The primary lesson learned from this long-running study is that wildlife systems are complex, unpredictable and dynamic by nature, and they are influenced by a large number of environmental factors, says Vucetich. “The data collected in the Isle Royale study provide a historical perspective that is very different from isolated snapshots of 5- or 10-year periods,” he explains. Collection of thousands of moose bones over decades, for example, enabled scientists to assess the levels of mercury and lead accumulation in bones prior to and after changes in clean air regulations.

How long this research will continue is hard to say, as climate change could bring it to a halt sooner than biologists would prefer. Moose are not comfortable under increasingly warmer temperatures, and could move north off the island if year-round temperatures at Isle Royale grow too warm.


You would be well rewarded to visit this little piece of heaven Kurt. During my teenage years, while spending much time skiing nearby on the Upper Peninsula, I made frequent side trips to the Apostle Islands and surrounding area, even mistakenly driving my car onto frozen Lake Superior at one point, but that's another story. I had my first encounters with black bears, moose, wolves, wolverines, and badgers in this area, discovering and developing my appreciation of true wildlife from visiting these critters on their home turf. It remains to this day on of the few purely natural environs in the lower 48, mostly due to the fact that winters are absolutely brutally cold and snowy, and it's a LONG drive in through sparsely populated woodlands in the summer with weather conditions that change literally but the mintue. Must have something to do with this small landmass isolated in the middle of a BIG, cold lake. But the rewards SO justify the effort, as is usually the case.

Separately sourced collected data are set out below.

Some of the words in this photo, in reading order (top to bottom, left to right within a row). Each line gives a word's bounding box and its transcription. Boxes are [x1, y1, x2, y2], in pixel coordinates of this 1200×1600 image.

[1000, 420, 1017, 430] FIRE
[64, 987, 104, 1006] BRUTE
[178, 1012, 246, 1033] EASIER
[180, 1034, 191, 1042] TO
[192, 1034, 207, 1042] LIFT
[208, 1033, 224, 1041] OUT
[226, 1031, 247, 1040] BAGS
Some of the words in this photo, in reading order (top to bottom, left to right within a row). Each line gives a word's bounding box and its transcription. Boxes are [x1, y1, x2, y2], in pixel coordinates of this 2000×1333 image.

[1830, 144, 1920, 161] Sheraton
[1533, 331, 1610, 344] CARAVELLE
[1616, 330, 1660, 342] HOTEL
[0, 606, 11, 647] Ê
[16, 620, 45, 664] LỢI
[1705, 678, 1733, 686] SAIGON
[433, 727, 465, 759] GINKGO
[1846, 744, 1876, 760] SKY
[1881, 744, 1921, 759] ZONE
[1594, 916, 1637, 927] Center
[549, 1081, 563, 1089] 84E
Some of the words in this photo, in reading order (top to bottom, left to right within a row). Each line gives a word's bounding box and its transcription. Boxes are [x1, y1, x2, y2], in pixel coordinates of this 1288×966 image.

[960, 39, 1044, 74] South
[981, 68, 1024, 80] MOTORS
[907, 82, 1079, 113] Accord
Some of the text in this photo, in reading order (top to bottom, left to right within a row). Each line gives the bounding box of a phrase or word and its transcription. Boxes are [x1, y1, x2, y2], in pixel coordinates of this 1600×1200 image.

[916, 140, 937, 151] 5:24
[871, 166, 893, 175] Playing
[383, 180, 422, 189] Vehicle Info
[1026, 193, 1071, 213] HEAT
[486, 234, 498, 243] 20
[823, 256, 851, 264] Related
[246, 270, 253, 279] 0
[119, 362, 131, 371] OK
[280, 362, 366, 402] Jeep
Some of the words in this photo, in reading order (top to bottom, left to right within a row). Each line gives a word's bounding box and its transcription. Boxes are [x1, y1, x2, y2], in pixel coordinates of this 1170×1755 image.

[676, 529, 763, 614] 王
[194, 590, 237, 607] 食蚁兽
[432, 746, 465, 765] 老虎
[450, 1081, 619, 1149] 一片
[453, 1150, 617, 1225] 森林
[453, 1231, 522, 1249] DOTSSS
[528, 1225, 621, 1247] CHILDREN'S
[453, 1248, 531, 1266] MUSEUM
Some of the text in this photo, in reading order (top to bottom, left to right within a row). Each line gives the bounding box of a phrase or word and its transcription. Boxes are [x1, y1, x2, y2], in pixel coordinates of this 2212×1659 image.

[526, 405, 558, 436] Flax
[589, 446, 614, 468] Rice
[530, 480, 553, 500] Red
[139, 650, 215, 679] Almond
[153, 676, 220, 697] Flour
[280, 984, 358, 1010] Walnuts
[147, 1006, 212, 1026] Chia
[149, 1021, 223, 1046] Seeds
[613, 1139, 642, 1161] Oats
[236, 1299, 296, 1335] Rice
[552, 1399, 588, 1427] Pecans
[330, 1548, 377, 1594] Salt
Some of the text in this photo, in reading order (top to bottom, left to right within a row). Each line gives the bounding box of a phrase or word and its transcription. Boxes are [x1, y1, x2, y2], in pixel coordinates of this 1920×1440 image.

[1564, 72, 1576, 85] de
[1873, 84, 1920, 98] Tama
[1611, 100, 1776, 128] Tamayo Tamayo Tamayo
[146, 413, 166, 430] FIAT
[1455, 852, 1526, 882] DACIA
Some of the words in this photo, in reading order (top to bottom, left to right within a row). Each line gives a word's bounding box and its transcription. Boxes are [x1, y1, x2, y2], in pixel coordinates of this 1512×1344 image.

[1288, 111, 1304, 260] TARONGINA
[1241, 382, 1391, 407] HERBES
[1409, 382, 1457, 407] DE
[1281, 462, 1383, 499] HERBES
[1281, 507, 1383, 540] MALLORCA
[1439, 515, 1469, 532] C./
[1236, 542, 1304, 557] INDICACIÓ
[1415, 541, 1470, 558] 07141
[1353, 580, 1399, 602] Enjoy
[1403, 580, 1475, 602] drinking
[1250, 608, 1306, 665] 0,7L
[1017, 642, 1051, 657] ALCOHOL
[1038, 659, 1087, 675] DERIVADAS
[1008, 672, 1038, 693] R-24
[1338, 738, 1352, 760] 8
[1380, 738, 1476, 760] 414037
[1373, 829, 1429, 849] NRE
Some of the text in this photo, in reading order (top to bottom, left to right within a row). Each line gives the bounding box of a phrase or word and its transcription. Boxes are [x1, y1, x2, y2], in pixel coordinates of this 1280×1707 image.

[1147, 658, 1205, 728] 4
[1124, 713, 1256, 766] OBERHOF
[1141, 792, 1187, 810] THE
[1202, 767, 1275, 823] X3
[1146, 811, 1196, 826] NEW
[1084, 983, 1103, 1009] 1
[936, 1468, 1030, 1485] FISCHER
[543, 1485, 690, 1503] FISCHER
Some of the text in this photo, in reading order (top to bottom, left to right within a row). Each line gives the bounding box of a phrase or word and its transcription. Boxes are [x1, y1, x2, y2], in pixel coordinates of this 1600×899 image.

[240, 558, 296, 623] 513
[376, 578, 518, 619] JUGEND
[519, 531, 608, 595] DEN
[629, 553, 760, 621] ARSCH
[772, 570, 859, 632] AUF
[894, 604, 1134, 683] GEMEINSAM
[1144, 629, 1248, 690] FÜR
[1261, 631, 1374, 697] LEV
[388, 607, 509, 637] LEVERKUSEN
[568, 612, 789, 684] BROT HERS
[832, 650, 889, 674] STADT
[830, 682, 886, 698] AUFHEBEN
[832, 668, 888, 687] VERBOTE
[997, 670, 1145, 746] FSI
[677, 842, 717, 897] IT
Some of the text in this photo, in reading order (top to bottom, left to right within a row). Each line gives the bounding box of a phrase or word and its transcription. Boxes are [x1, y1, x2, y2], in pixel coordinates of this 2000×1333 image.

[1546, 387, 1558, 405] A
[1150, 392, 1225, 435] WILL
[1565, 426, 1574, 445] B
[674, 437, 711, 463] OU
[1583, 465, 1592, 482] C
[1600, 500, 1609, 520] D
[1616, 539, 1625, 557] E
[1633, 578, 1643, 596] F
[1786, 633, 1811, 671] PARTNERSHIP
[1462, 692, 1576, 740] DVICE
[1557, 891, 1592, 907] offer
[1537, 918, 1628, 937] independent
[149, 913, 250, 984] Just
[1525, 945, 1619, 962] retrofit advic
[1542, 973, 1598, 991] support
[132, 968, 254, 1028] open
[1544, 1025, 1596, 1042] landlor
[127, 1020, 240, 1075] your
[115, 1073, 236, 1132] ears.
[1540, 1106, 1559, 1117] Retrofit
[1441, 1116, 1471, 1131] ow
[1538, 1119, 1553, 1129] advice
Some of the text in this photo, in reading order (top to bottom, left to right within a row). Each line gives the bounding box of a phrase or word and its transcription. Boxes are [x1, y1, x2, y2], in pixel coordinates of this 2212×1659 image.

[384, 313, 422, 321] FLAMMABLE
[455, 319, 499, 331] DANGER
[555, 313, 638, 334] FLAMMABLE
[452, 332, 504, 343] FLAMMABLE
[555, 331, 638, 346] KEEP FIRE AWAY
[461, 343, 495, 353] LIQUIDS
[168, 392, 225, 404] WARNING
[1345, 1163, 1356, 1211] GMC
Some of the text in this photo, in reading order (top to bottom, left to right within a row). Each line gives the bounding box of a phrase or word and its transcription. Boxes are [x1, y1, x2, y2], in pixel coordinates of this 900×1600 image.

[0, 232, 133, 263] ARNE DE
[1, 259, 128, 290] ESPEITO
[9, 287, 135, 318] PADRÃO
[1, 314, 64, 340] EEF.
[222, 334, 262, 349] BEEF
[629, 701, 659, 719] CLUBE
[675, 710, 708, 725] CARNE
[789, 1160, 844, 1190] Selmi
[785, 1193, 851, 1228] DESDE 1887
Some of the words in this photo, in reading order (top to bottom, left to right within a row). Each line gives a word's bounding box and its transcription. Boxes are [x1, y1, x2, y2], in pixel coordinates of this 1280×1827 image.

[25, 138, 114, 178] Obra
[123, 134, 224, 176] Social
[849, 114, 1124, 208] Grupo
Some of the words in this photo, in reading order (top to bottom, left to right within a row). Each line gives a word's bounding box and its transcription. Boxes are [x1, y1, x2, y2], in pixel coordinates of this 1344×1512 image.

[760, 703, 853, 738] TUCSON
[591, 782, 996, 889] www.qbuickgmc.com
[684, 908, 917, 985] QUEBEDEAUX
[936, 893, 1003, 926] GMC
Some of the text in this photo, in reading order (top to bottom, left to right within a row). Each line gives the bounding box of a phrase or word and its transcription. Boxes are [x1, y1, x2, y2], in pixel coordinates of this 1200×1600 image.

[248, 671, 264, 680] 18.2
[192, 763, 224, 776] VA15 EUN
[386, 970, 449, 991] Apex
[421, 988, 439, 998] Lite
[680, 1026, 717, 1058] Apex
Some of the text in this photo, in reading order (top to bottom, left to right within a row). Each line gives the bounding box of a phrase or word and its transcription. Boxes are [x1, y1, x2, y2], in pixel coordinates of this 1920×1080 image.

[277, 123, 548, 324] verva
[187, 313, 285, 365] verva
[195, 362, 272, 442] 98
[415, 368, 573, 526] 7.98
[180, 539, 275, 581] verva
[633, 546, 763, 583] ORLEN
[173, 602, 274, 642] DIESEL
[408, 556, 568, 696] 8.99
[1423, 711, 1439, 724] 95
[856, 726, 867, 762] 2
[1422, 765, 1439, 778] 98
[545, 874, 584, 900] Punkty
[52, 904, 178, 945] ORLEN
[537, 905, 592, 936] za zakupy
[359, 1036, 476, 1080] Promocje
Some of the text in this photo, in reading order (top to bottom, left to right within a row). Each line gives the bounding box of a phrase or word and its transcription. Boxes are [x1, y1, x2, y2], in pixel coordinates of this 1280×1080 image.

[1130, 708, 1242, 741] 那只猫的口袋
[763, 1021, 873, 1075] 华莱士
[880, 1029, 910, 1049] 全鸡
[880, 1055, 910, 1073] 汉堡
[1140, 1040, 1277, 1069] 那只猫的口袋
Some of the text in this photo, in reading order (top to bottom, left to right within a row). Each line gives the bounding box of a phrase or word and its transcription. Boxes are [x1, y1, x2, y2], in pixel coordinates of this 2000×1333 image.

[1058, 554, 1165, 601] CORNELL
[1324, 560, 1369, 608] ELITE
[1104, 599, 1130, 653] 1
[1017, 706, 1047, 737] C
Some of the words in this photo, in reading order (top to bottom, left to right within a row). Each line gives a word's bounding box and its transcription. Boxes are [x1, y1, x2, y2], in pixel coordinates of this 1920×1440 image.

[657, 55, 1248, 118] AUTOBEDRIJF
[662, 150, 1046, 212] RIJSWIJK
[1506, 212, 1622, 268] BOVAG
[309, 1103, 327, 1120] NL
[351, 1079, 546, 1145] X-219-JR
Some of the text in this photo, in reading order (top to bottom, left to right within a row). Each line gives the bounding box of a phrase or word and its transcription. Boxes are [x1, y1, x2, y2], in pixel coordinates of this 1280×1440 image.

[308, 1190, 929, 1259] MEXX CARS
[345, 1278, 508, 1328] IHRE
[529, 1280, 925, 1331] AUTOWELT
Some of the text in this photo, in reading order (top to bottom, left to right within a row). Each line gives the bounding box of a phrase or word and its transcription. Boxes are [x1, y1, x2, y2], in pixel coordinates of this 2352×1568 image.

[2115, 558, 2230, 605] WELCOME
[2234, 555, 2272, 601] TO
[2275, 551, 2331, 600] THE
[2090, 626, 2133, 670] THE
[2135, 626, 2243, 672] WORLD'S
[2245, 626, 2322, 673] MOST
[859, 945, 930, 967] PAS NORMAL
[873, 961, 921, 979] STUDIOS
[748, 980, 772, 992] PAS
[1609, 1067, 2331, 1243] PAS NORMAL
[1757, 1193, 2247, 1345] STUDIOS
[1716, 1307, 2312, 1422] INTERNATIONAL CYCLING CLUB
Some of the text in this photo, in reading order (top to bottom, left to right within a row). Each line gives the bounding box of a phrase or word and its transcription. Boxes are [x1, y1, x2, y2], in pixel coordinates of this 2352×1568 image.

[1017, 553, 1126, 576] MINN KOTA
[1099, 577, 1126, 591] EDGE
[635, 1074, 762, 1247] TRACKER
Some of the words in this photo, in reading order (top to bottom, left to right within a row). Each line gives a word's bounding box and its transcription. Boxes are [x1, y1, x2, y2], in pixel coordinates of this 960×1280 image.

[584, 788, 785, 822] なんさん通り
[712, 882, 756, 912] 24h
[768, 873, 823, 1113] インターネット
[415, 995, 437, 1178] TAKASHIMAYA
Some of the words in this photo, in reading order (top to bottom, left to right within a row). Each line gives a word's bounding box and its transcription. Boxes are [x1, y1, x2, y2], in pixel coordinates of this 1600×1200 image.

You can readily traverse the Isle over the course of just a few days, allowing time to stop and smell the roses along the way. Bring your rain gear, cameras, notebook, binoculars, along with many pair of dry socks and have yourself a great time! But leave the swimsuits home. I saw one fellow jump in the Big Lake, at it's peak summer temperature akin to the Colorado between the dams....well, let's just say his hair was still standing on end 4 days later, and his goosebumps looked like boils. Okay, maybe 4 hours later.